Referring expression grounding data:
Content starts

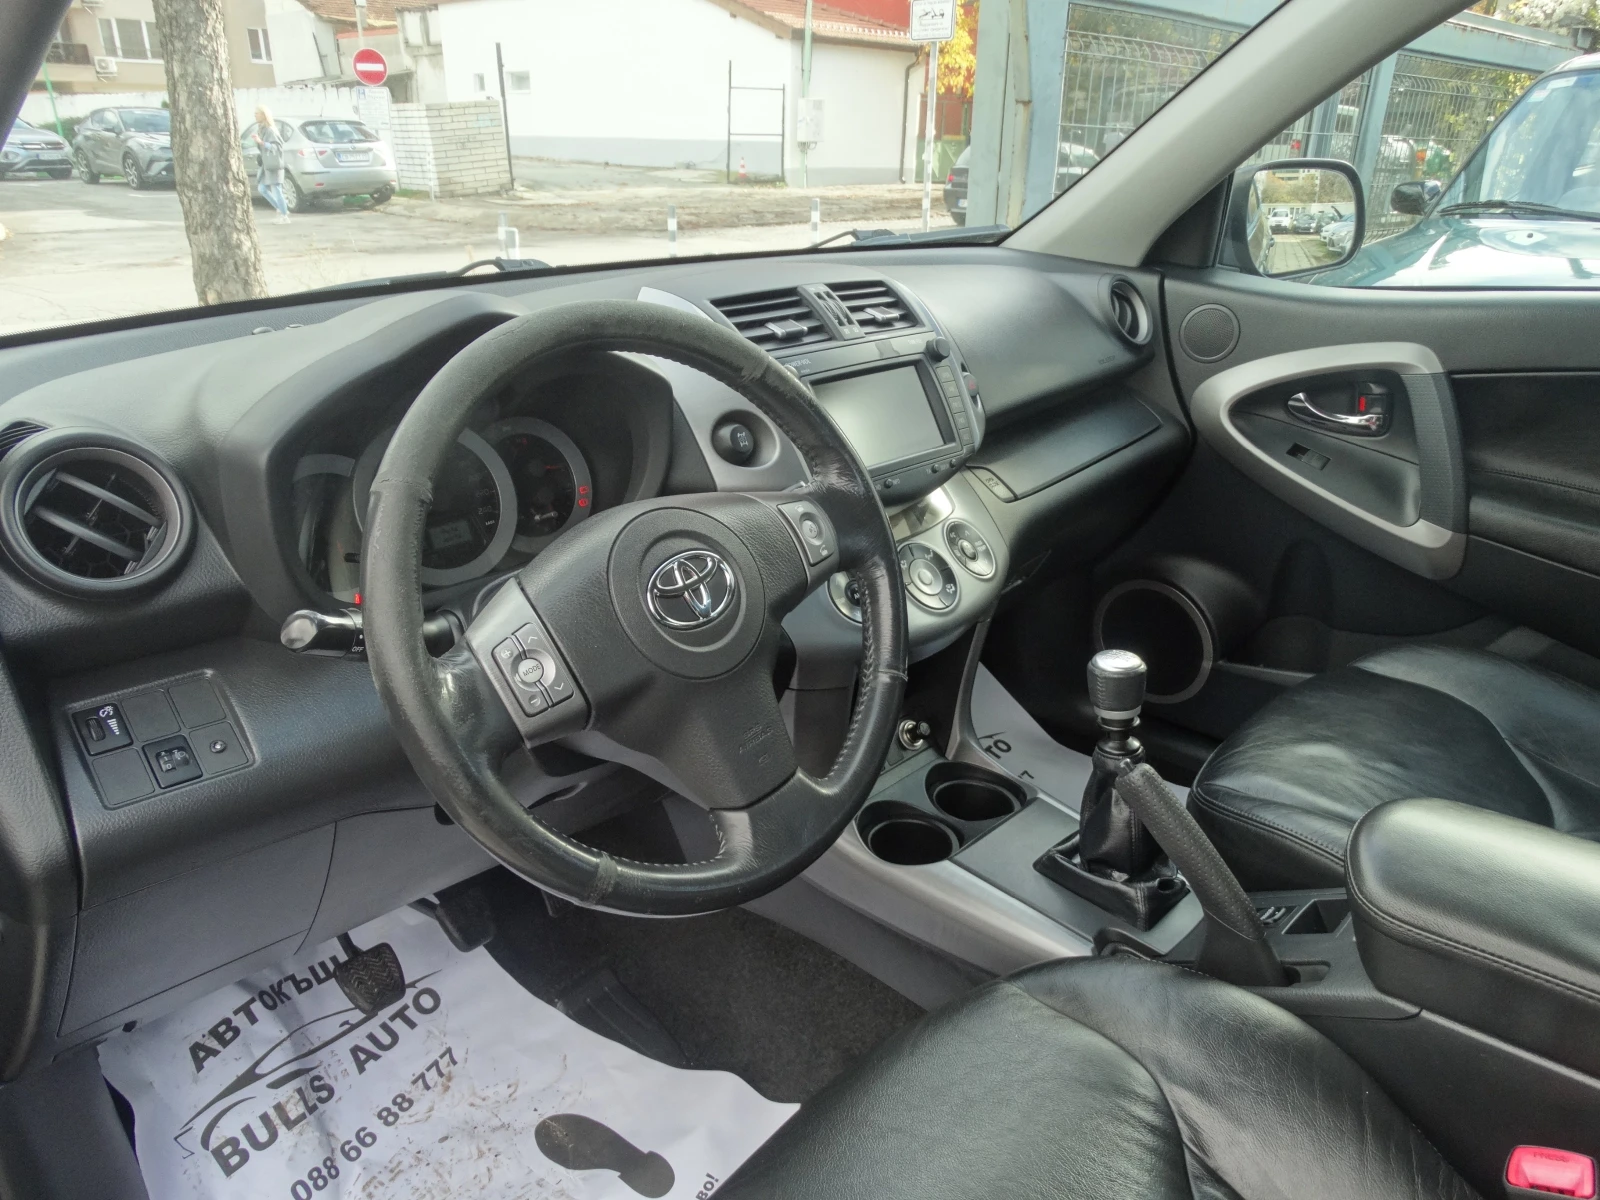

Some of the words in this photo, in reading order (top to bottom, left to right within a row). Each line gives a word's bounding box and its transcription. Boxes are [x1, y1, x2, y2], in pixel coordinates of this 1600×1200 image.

[522, 663, 541, 677] MODE
[984, 739, 1012, 760] TO
[210, 1074, 335, 1179] BULLS
[349, 987, 441, 1076] AUTO
[290, 1156, 340, 1200] 088
[340, 1126, 377, 1162] 66
[377, 1093, 414, 1127] 88
[411, 1046, 458, 1091] 777

Content ends

> [WHAT THE EXERCISE ASKS]:
The images are to be left out; every line above should be set down exactly.

> [TASK RESPONSE]:
Some of the words in this photo, in reading order (top to bottom, left to right within a row). Each line gives a word's bounding box and its transcription. Boxes are [x1, y1, x2, y2], in pixel coordinates of this 1600×1200 image.

[522, 663, 541, 677] MODE
[984, 739, 1012, 760] TO
[210, 1074, 335, 1179] BULLS
[349, 987, 441, 1076] AUTO
[290, 1156, 340, 1200] 088
[340, 1126, 377, 1162] 66
[377, 1093, 414, 1127] 88
[411, 1046, 458, 1091] 777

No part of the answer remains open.